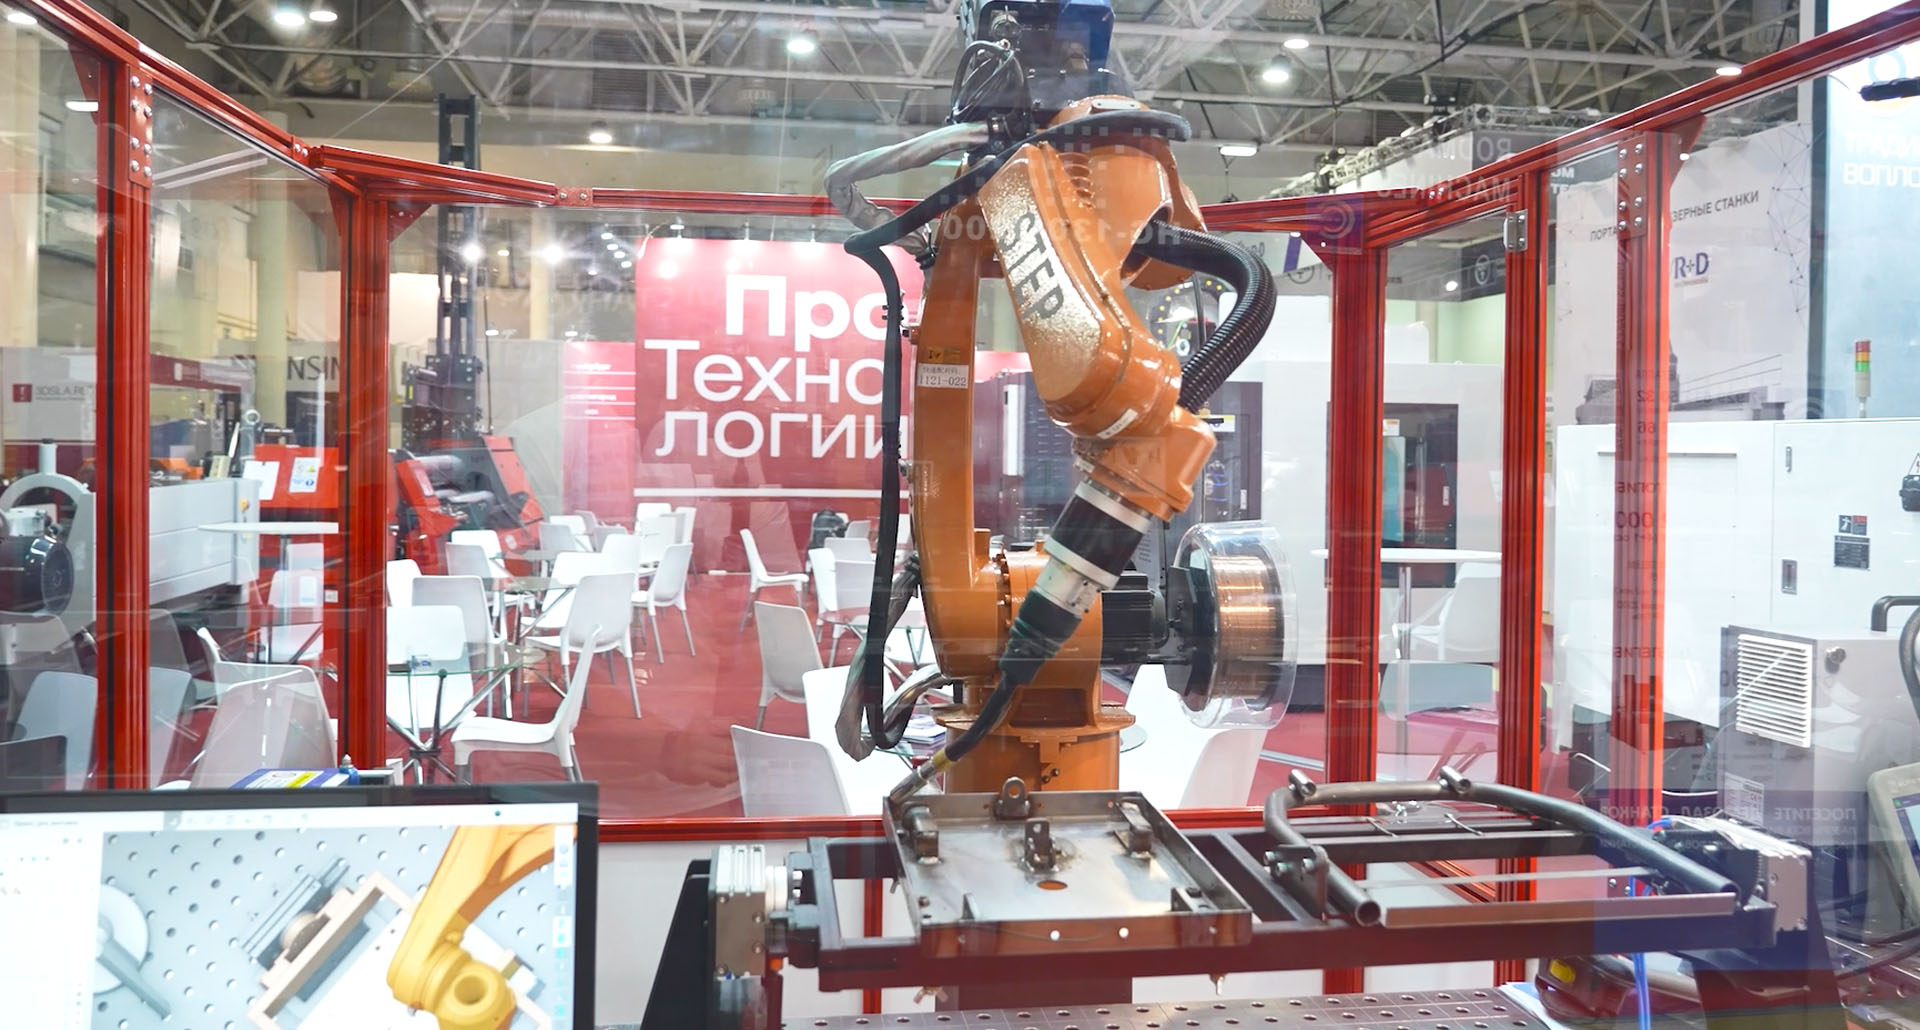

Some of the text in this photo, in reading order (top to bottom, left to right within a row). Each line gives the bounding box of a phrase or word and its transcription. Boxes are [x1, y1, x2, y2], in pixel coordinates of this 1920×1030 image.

[1672, 201, 1712, 222] ЗЕРНЫЕ
[1714, 189, 1760, 213] СТАНКИ
[997, 212, 1065, 320] STEP
[726, 274, 908, 352] Про
[644, 339, 885, 405] Техно
[920, 375, 967, 387] 1121-022
[655, 410, 909, 460] логии

────────────────

*Problem to work on*.
Each record above, in full: return it exactly, pictures excluded.

*Solution*.
Some of the text in this photo, in reading order (top to bottom, left to right within a row). Each line gives the bounding box of a phrase or word and its transcription. Boxes are [x1, y1, x2, y2], in pixel coordinates of this 1920×1030 image.

[1672, 201, 1712, 222] ЗЕРНЫЕ
[1714, 189, 1760, 213] СТАНКИ
[997, 212, 1065, 320] STEP
[726, 274, 908, 352] Про
[644, 339, 885, 405] Техно
[920, 375, 967, 387] 1121-022
[655, 410, 909, 460] логии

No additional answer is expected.